Questionado sobre a importância e a notoriedade que o Conservatório do Vale do Sousa tem atualmente, Diogo Pinto não hesitou em confirmar que a instituição dispõe de um excelente corpo de docentes, sendo uma referência na região.

“O Conservatório do Vale do Sousa tem excelentes professores, alunos empenhados em aprender, está muito bem organizado e tem boas instalações. A Diretora Pedagógica, professora Fernanda Alves, é uma ótima pessoa e está sempre disponível para nos ajudar no que for preciso”, confessou, reiterando que esta área deveria ser encarada da mesma forma que os ditos cursos tradicionais, como a medicina e as engenharias.
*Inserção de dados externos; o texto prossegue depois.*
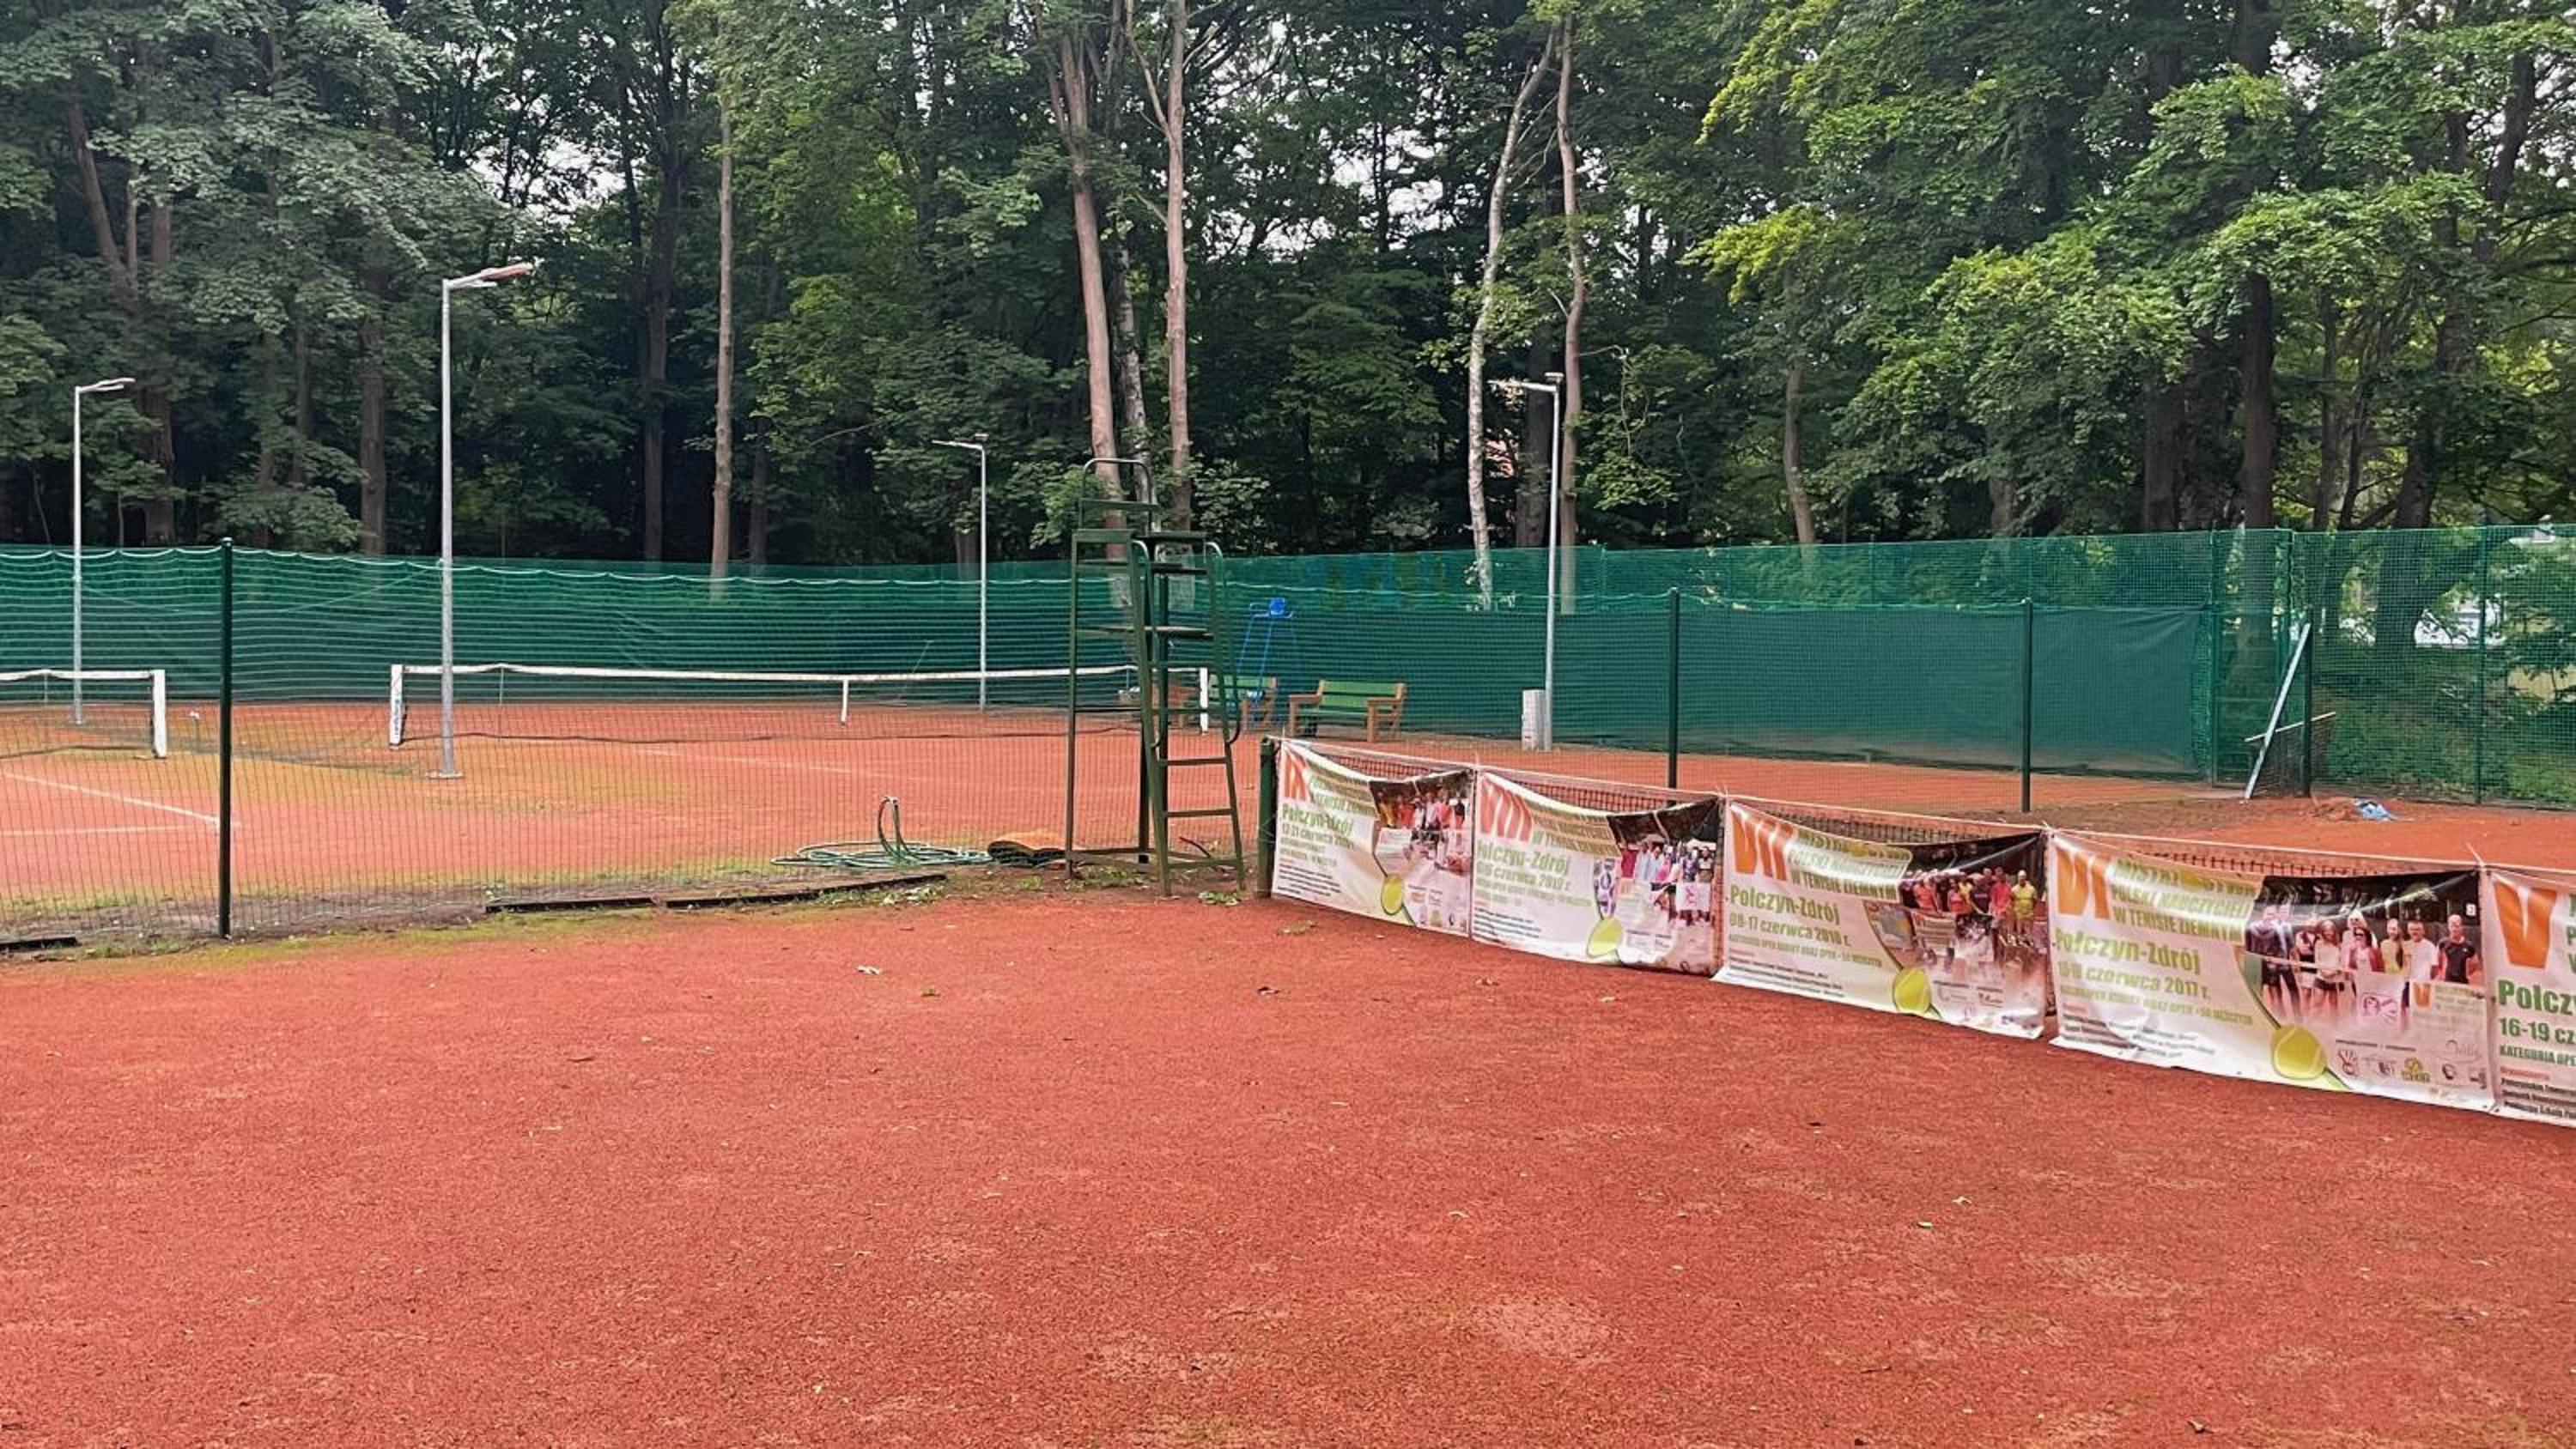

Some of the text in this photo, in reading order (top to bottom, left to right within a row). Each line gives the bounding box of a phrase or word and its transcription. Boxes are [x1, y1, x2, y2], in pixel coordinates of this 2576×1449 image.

[1760, 919, 1814, 940] czerwca
[2494, 879, 2557, 968] V
[2086, 967, 2160, 991] czerwca
[2164, 976, 2197, 998] 2017
[2499, 979, 2576, 1017] Połcz
[2500, 1017, 2550, 1043] 16-19
“Sim, considero que se deve olhar para os cursos de música da mesma maneira que se olha para os cursos de medicina, engenharia ou arquitetura. Não entendo por que razão a maioria das pessoas acha que música não é curso nem um modo de vida com futuro. Felizmente, os meus pais sempre me apoiaram nesta decisão de seguir música”, atalhou.

Como chefe de naipe que é, Diogo Pinto admitiu que tem de estar sempre à altura  e corresponder ao que lhe é solicitado enquanto responsável de secção, motivando os demais elementos.
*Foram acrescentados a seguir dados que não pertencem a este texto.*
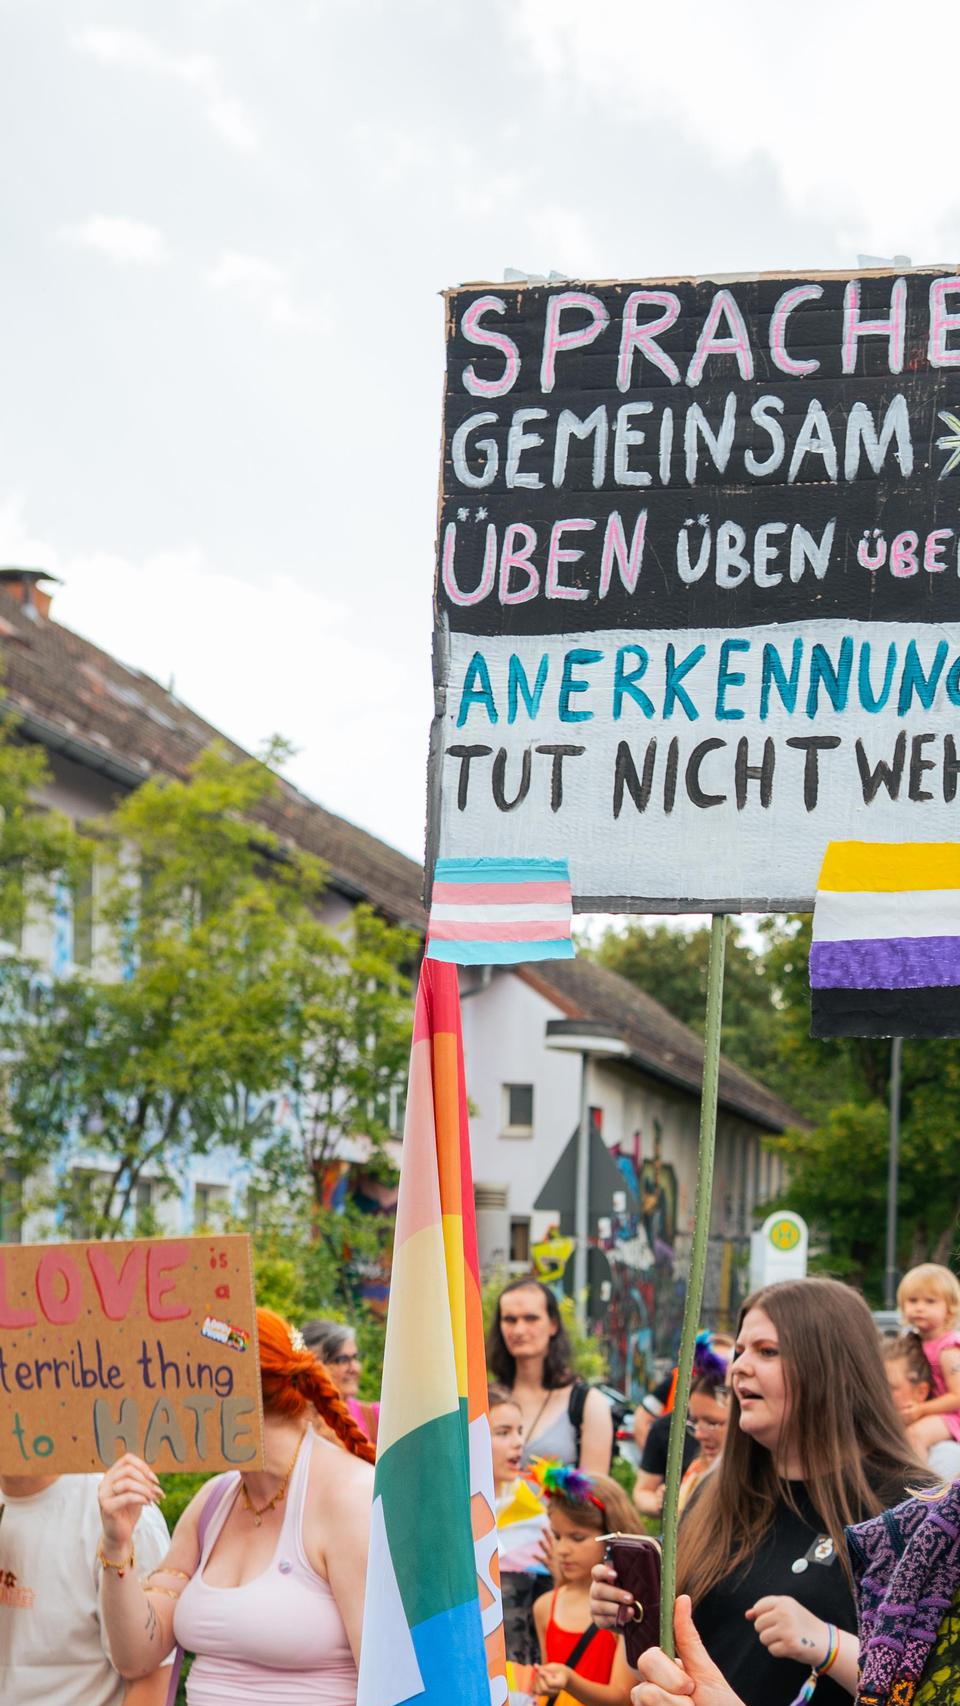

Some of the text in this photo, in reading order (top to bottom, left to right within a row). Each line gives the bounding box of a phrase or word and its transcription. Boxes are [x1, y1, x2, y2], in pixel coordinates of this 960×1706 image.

[451, 391, 914, 489] GEMEINSAM
[443, 506, 647, 605] ÜBEN
[677, 513, 836, 589] ÜBEN
[446, 743, 586, 813] TUT
[613, 736, 842, 820] NICHT
[0, 1244, 192, 1330] LOVE
[209, 1247, 228, 1269] is
[214, 1284, 231, 1300] a
[0, 1340, 234, 1398] terrible thing
[11, 1396, 258, 1466] to HATE
“O chefe de naipe tem de dar o exemplo, tem de estar sempre à altura do desafio e ajudar/incentivar os outros membros do naipe a superarem-se a si próprios. Não é fácil, mas vou dando o meu melhor e sei que posso contar sempre com a ajuda do meu maestro, o professor Filipe Fernandes”, confirmou,  reconhecendo que no Conservatório do Vale do Sousa o seu trabalho é respeitado pelos colegas e amigos.

“Penso que ganhar o concurso também foi uma prova de que o meu trabalho também é valorizado fora das minhas raízes”, asseverou, referindo que nem sempre é fácil conciliar o ensino da música com os demais estudos.

“Nem sempre é fácil, principalmente na fase dos testes e das provas, mas com empenho e determinação tudo se consegue”, lembrou.

O ’Concurso Jovens Trompistas’’ tem como propósitos estimular e incentivar os jovens para o estudo da trompa e foi instituído com o objetivo de possibilitar que os executantes deste instrumento, durante a fase de pandemia, pudessem continuar a exercitar a paixão pela música.

O júri foi constituído professores de trompa e trompistas de referência nacional, com vasta experiência no panorama musical português.